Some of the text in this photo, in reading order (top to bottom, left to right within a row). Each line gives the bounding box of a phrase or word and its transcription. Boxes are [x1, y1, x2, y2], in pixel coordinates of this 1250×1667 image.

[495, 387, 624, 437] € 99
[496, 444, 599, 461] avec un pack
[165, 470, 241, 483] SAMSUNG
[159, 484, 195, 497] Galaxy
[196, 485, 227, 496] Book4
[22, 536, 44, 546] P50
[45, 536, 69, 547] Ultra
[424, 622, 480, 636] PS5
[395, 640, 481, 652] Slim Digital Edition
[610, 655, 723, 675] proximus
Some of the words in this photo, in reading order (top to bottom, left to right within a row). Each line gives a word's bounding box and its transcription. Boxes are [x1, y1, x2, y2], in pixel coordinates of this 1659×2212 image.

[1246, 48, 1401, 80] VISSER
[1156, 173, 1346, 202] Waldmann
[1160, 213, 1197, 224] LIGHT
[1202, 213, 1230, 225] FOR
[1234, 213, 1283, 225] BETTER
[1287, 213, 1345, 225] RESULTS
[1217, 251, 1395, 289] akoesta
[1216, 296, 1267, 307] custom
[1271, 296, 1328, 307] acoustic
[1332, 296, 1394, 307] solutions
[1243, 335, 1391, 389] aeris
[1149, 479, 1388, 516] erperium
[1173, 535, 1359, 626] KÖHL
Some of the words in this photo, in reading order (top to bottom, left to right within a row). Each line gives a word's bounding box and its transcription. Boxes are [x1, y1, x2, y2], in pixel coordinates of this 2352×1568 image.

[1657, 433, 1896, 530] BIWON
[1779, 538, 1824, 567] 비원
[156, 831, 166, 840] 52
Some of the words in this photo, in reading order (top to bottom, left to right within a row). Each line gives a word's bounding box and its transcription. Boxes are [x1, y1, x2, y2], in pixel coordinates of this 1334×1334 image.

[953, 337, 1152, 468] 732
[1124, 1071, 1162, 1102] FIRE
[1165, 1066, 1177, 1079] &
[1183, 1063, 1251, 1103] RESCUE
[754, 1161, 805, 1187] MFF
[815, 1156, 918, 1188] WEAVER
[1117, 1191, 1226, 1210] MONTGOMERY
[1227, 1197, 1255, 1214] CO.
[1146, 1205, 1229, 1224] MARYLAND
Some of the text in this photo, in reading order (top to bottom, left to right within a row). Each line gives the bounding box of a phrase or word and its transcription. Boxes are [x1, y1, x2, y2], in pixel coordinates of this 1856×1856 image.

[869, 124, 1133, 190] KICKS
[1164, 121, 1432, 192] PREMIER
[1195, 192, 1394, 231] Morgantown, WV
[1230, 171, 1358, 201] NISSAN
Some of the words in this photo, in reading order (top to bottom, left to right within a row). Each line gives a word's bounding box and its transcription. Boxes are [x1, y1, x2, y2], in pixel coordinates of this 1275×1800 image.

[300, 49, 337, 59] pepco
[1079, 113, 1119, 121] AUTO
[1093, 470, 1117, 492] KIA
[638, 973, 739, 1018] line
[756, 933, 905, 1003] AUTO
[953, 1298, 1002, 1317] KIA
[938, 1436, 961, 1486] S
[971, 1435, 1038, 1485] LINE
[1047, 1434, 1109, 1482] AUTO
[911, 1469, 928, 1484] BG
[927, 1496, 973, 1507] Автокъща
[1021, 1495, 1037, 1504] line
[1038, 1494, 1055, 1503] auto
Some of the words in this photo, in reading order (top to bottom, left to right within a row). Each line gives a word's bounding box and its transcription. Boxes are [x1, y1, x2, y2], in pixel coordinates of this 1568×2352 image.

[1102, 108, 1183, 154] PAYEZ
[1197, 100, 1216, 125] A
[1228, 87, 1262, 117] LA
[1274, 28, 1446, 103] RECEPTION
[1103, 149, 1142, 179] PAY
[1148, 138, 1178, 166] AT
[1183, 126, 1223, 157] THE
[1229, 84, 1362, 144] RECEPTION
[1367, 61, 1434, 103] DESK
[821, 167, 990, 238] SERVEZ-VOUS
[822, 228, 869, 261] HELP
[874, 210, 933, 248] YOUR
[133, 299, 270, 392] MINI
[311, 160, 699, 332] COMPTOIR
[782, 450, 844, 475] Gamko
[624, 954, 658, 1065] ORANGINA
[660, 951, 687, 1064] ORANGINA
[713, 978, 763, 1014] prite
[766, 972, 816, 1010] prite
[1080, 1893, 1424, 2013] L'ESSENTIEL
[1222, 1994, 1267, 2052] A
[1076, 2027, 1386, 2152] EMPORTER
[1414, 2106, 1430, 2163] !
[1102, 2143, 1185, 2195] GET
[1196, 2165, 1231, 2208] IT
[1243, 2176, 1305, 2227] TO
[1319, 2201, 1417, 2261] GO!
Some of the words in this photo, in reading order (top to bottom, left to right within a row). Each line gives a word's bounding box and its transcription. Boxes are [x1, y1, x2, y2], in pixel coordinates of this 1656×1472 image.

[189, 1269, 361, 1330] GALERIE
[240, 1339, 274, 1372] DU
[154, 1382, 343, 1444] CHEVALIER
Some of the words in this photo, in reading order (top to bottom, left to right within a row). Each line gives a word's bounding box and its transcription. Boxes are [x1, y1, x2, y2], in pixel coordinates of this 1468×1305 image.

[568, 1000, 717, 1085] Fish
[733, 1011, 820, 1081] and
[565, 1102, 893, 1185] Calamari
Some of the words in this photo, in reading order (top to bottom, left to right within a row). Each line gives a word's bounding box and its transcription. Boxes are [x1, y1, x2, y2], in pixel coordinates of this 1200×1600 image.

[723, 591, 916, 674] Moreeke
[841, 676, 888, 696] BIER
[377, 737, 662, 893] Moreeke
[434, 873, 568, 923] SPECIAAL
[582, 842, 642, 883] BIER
::::::
__Your instructions__
Having found the line with "this 1468×1305 image.", please set it down along with every line after it through the end of the material above, exactly and with nothing added.

__Written reply__
Some of the words in this photo, in reading order (top to bottom, left to right within a row). Each line gives a word's bounding box and its transcription. Boxes are [x1, y1, x2, y2], in pixel coordinates of this 1468×1305 image.

[568, 1000, 717, 1085] Fish
[733, 1011, 820, 1081] and
[565, 1102, 893, 1185] Calamari
Some of the words in this photo, in reading order (top to bottom, left to right within a row). Each line gives a word's bounding box and its transcription. Boxes are [x1, y1, x2, y2], in pixel coordinates of this 1200×1600 image.

[723, 591, 916, 674] Moreeke
[841, 676, 888, 696] BIER
[377, 737, 662, 893] Moreeke
[434, 873, 568, 923] SPECIAAL
[582, 842, 642, 883] BIER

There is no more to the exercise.